26/08/2026
E se uma nota fiscal emitida pela sua empresa puder ser tratada como uma confissão de dívida tributária?
Essa é uma das questões que merece atenção na regulamentação da Reforma Tributária.
A nova sistemática do IBS e da CBS atribui efeitos relevantes a atos que fazem parte da rotina empresarial, como a emissão de documentos fiscais e a apuração assistida.
O problema aparece quando consideramos a realidade das empresas: erros de parametrização, classificação fiscal, alíquotas, preenchimento e até divergências jurídicas são situações comuns.
A questão, então, é inevitável: se o documento fiscal produzir efeito de confissão de dívida, como ficará o direito do contribuinte de corrigir o erro ou discutir judicialmente a exigência?

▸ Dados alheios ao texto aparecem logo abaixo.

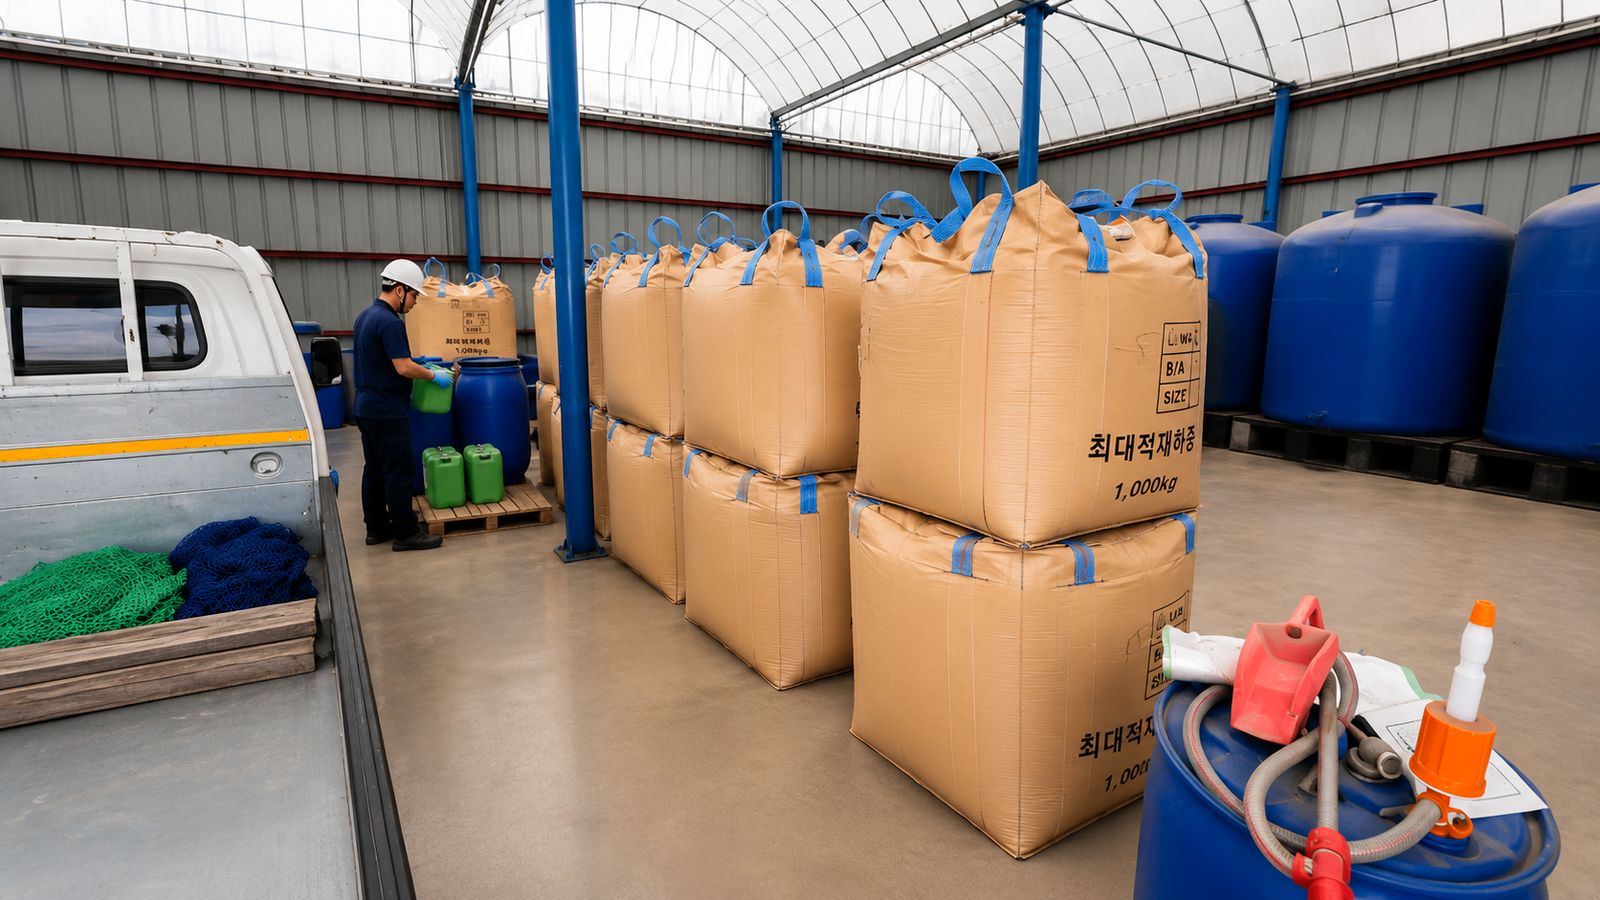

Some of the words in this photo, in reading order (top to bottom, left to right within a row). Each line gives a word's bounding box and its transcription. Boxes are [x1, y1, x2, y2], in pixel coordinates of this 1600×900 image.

O sistema tributário brasileiro já conhece a figura da declaração que constitui o crédito tributário. A novidade que merece atenção é a ampliação desses efeitos para atos cada vez mais automatizados e cotidianos.
E isso levanta algumas perguntas:
🔎 Uma confissão automática pode limitar o direito de defesa?

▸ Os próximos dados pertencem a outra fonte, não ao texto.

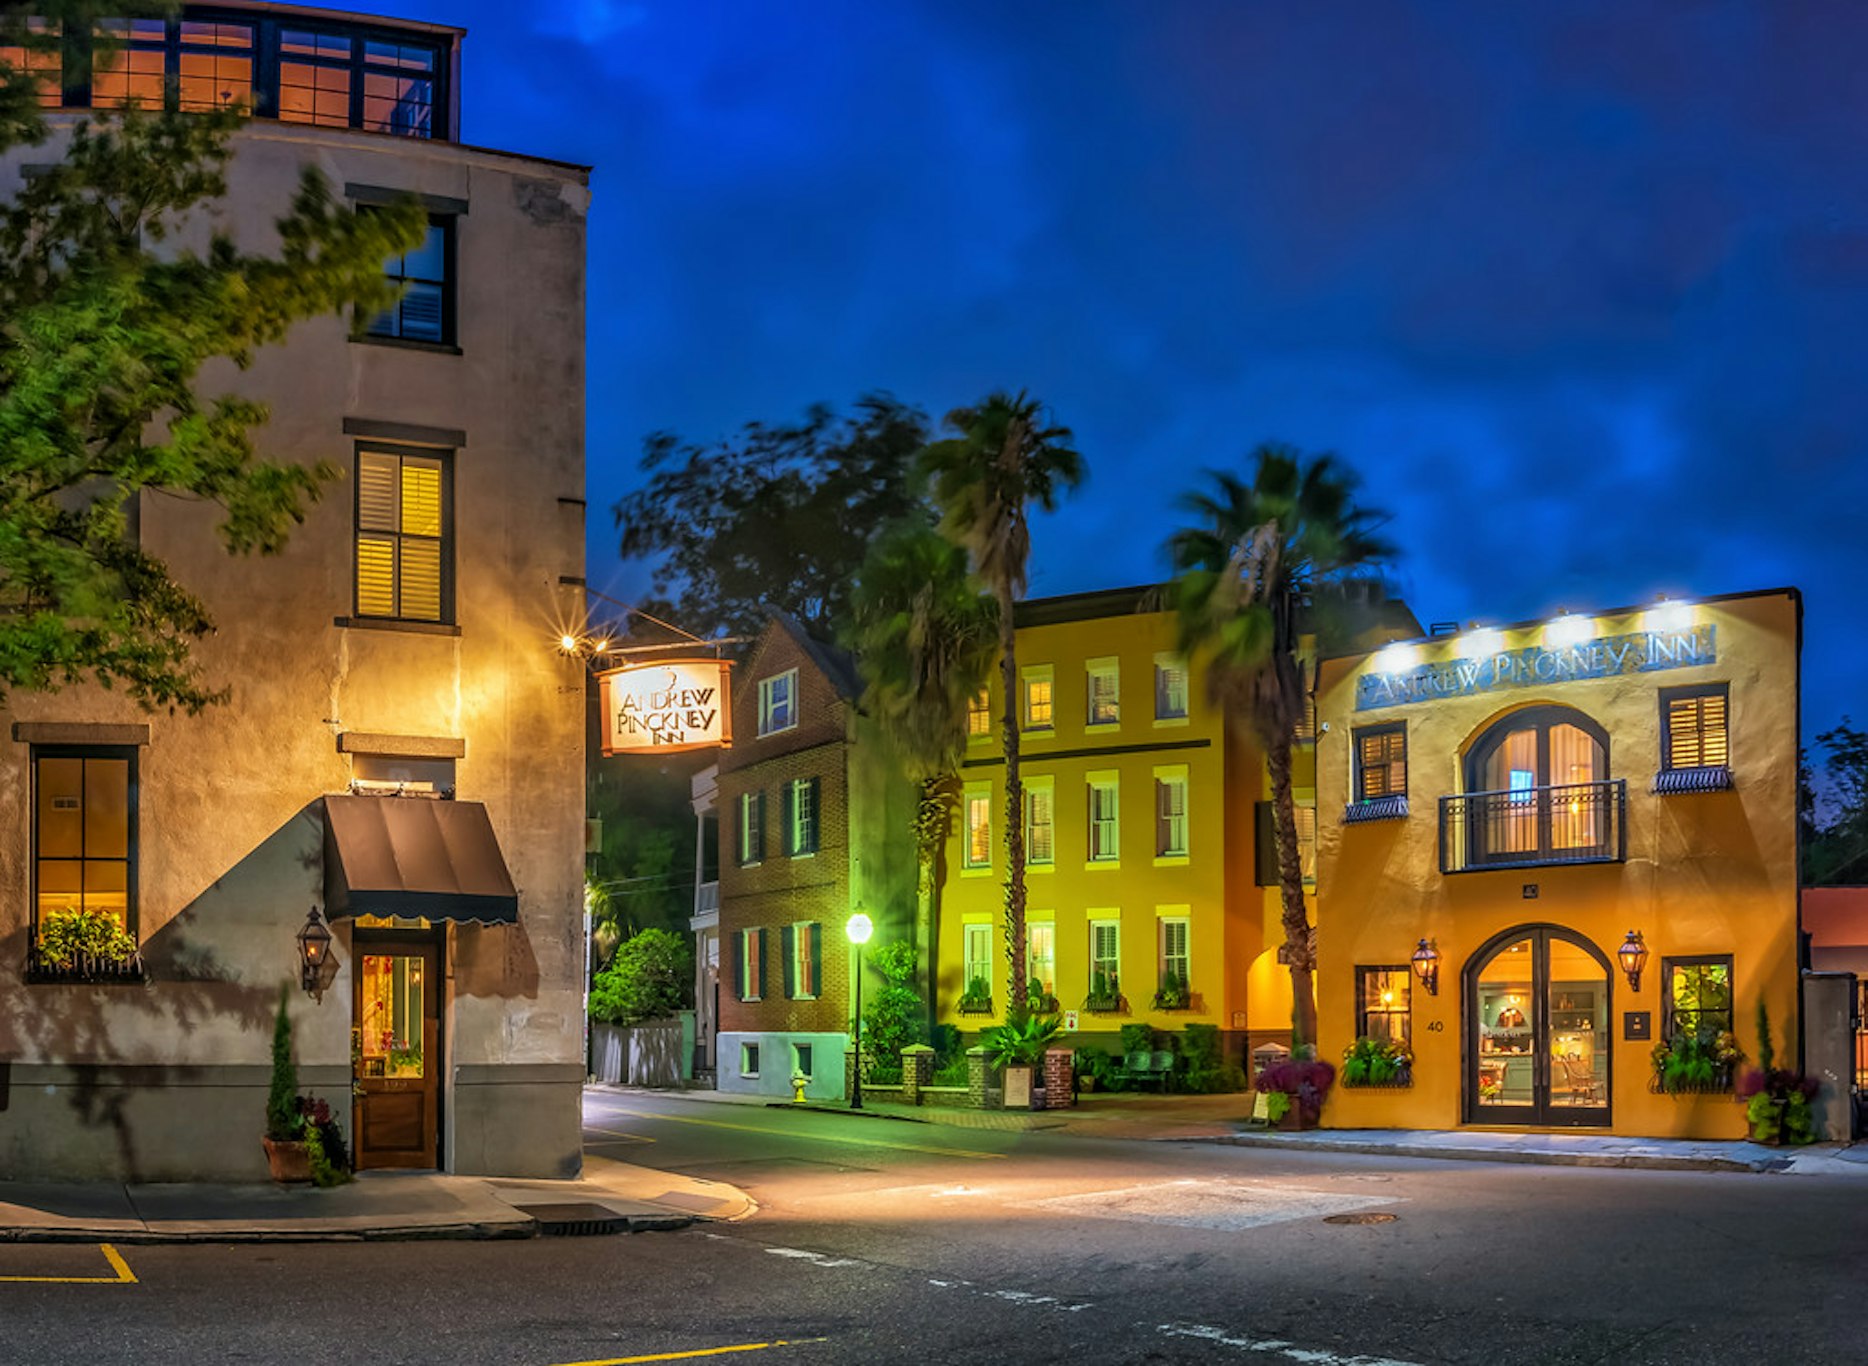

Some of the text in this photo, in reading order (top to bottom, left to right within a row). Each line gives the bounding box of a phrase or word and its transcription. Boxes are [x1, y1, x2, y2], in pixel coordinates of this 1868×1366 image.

[1371, 632, 1697, 703] ANDREW PINCKNEY INN
[621, 687, 715, 712] ANDREW
[617, 709, 717, 734] PINCKNEY
[652, 729, 685, 745] INN
[1427, 1020, 1444, 1033] 40

🔎 O contribuinte poderá retificar o documento sem sofrer consequências adicionais?
🔎 Será possível discutir judicialmente um tributo mesmo depois de um ato considerado “confissão”?
🔎 Até que ponto a automatização pode avançar sem comprometer as garantias do contribuinte?
A Reforma Tributária promete simplificação. Mas simplificar o cumprimento das obrigações não pode significar reduzir o espaço de defesa do contribuinte.
Essa é uma discussão que merece ser acompanhada de perto.
Sua empresa já está avaliando os impactos dessa nova sistemática?